── EXCERPTED RECORDS

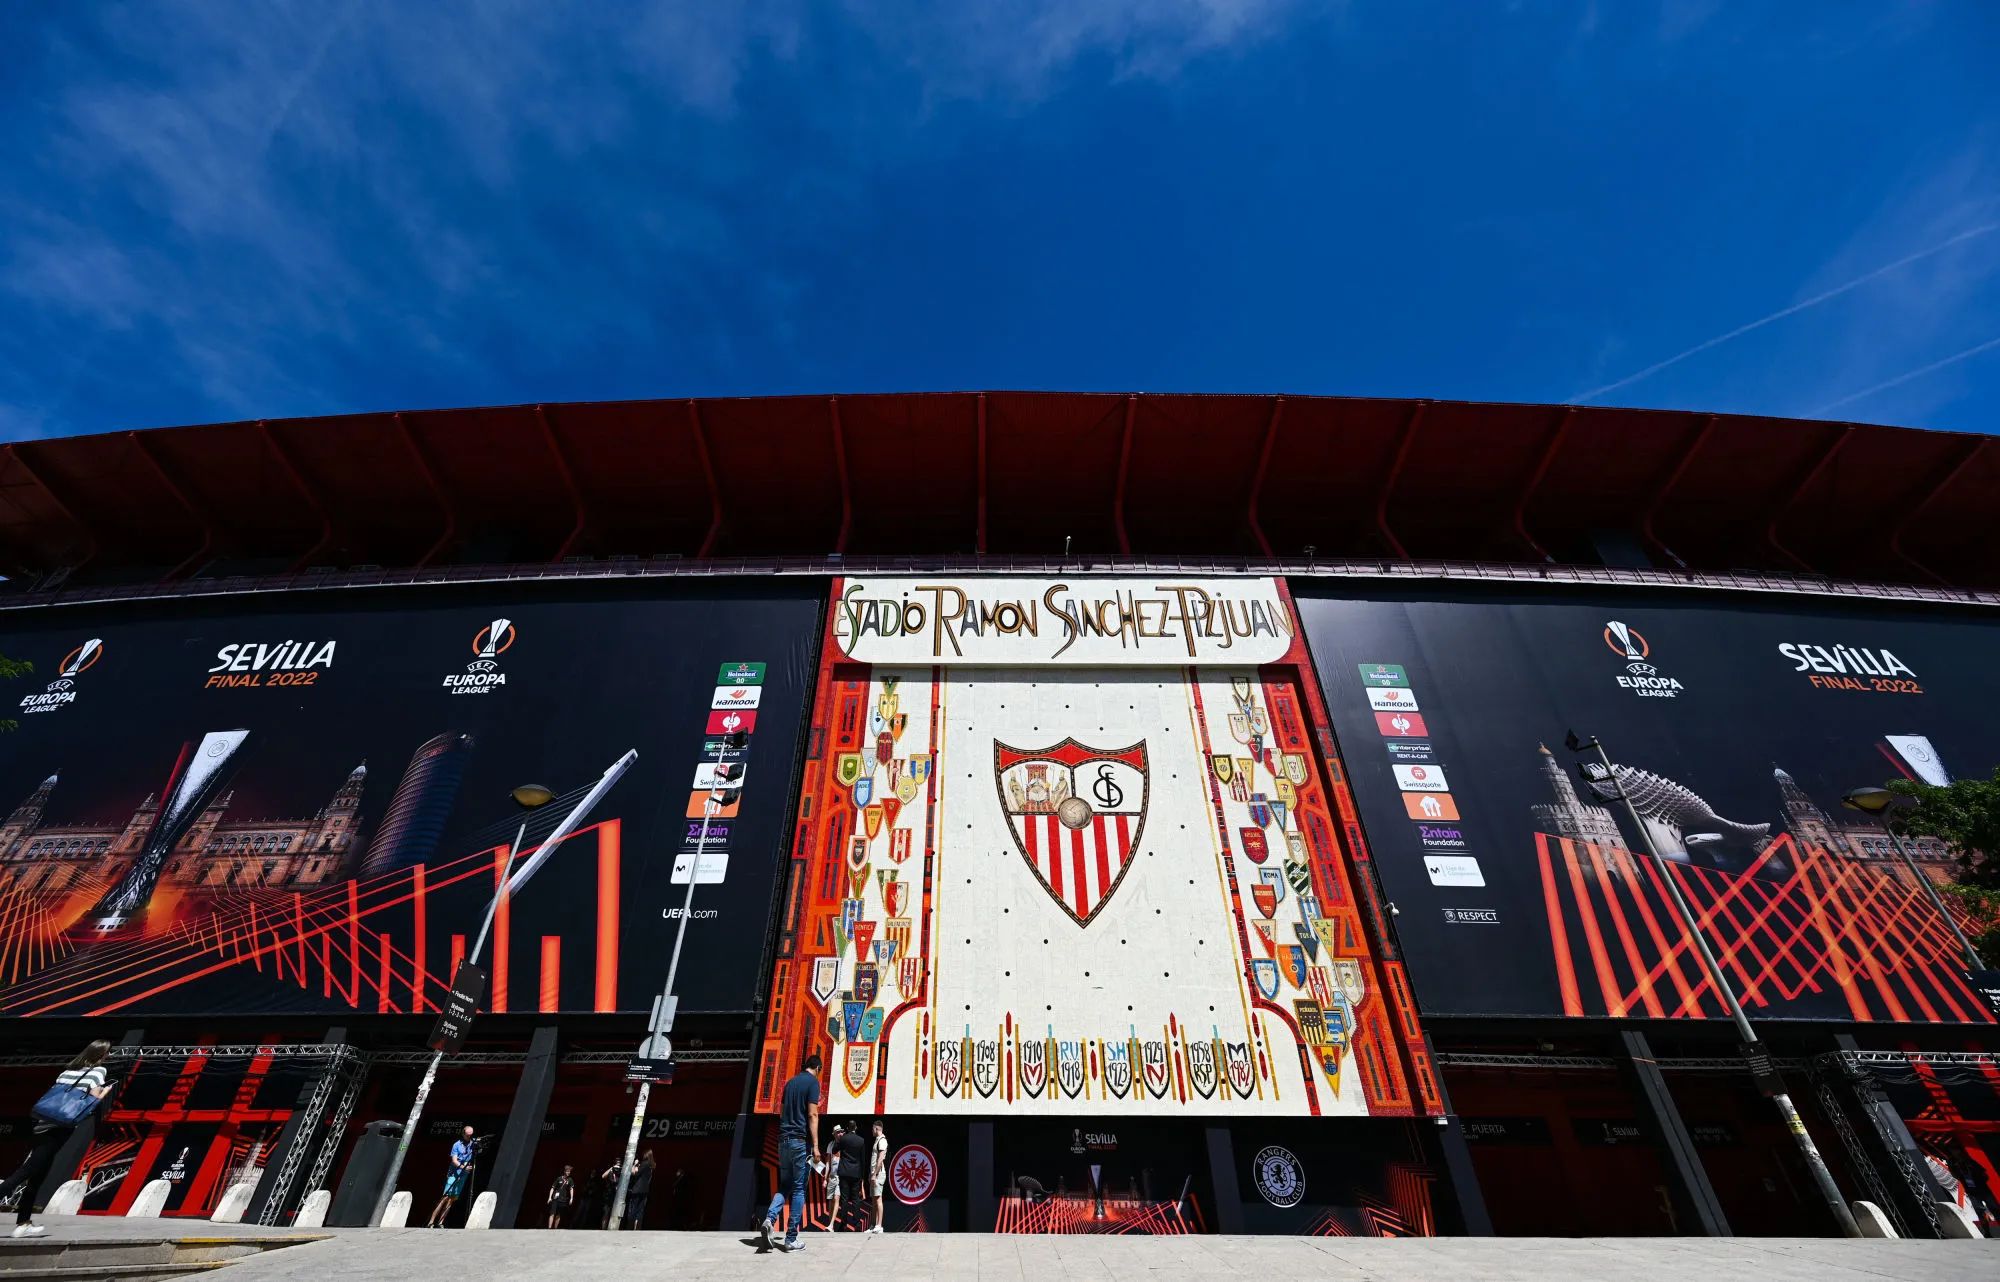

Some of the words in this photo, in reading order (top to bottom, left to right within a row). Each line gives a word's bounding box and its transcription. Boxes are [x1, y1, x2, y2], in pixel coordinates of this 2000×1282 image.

[915, 586, 1039, 657] RAMON
[468, 661, 495, 671] UEFA
[1628, 664, 1656, 675] UEFA
[204, 674, 260, 688] FINAL
[266, 672, 319, 686] 2022
[442, 673, 506, 686] EUROPA
[1616, 676, 1684, 690] EUROPA
[1808, 675, 1871, 690] FINAL
[1870, 678, 1924, 694] 2022
[452, 686, 491, 694] LEAGUE
[1636, 689, 1677, 697] LEAGUE
[19, 691, 77, 707] EUROPA
[24, 704, 60, 713] LEAGUE
[685, 836, 727, 844] Foudation
[1422, 838, 1465, 846] Foundation
[1457, 911, 1497, 921] RESPECT
[976, 1039, 996, 1062] 1908
[1023, 1040, 1043, 1063] 1910
[1143, 1041, 1164, 1064] 1929
[1190, 1041, 1211, 1063] 1958
[854, 1062, 863, 1072] 12
[1060, 1060, 1081, 1088] 1918
[1107, 1062, 1128, 1087] 1923
[1229, 1060, 1250, 1087] 1982
[645, 1118, 671, 1138] 29
[675, 1121, 699, 1131] GATE
[1471, 1124, 1506, 1134] PUERTA
[1257, 1148, 1297, 1166] RANGERS
[1258, 1180, 1294, 1205] FOOTBALL
[1291, 1180, 1303, 1201] CLUB
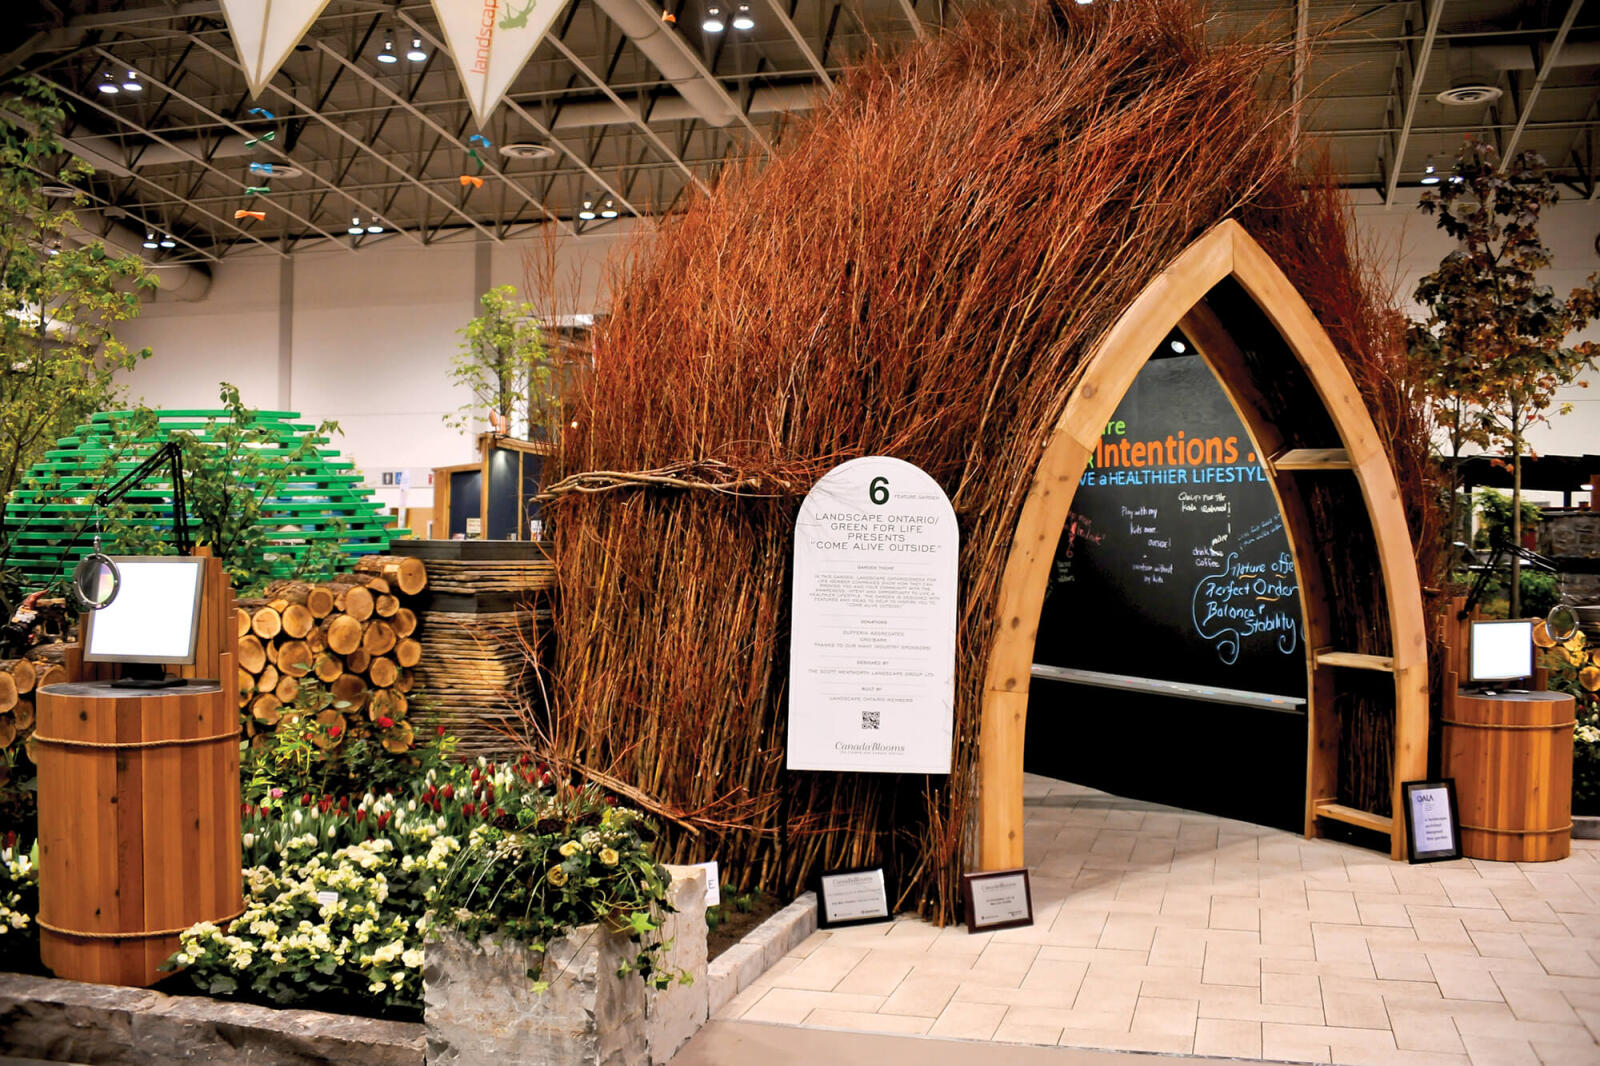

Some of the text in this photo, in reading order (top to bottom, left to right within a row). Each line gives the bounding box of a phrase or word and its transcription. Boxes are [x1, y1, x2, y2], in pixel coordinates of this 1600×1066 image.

[1100, 474, 1107, 485] a
[1109, 469, 1188, 486] HEALTHIER
[1193, 466, 1268, 484] LIFESTYL
[869, 476, 890, 505] 6
[815, 513, 939, 526] LANDSCAPE ONTARIO/
[830, 523, 923, 534] GREEN FOR LIFE
[848, 533, 905, 543] PRESENTS
[853, 543, 885, 551] ALIVE
[1206, 580, 1250, 602] Perfect

────

GOAL OF THE EXERCISE = Output each entry exactly. Skip the pictures.

ANSWER SECTION =
Some of the words in this photo, in reading order (top to bottom, left to right within a row). Each line gives a word's bounding box and its transcription. Boxes are [x1, y1, x2, y2], in pixel coordinates of this 2000×1282 image.

[915, 586, 1039, 657] RAMON
[468, 661, 495, 671] UEFA
[1628, 664, 1656, 675] UEFA
[204, 674, 260, 688] FINAL
[266, 672, 319, 686] 2022
[442, 673, 506, 686] EUROPA
[1616, 676, 1684, 690] EUROPA
[1808, 675, 1871, 690] FINAL
[1870, 678, 1924, 694] 2022
[452, 686, 491, 694] LEAGUE
[1636, 689, 1677, 697] LEAGUE
[19, 691, 77, 707] EUROPA
[24, 704, 60, 713] LEAGUE
[685, 836, 727, 844] Foudation
[1422, 838, 1465, 846] Foundation
[1457, 911, 1497, 921] RESPECT
[976, 1039, 996, 1062] 1908
[1023, 1040, 1043, 1063] 1910
[1143, 1041, 1164, 1064] 1929
[1190, 1041, 1211, 1063] 1958
[854, 1062, 863, 1072] 12
[1060, 1060, 1081, 1088] 1918
[1107, 1062, 1128, 1087] 1923
[1229, 1060, 1250, 1087] 1982
[645, 1118, 671, 1138] 29
[675, 1121, 699, 1131] GATE
[1471, 1124, 1506, 1134] PUERTA
[1257, 1148, 1297, 1166] RANGERS
[1258, 1180, 1294, 1205] FOOTBALL
[1291, 1180, 1303, 1201] CLUB

Some of the text in this photo, in reading order (top to bottom, left to right within a row). Each line gives the bounding box of a phrase or word and its transcription. Boxes are [x1, y1, x2, y2], in pixel coordinates of this 1600×1066 image.

[1100, 474, 1107, 485] a
[1109, 469, 1188, 486] HEALTHIER
[1193, 466, 1268, 484] LIFESTYL
[869, 476, 890, 505] 6
[815, 513, 939, 526] LANDSCAPE ONTARIO/
[830, 523, 923, 534] GREEN FOR LIFE
[848, 533, 905, 543] PRESENTS
[853, 543, 885, 551] ALIVE
[1206, 580, 1250, 602] Perfect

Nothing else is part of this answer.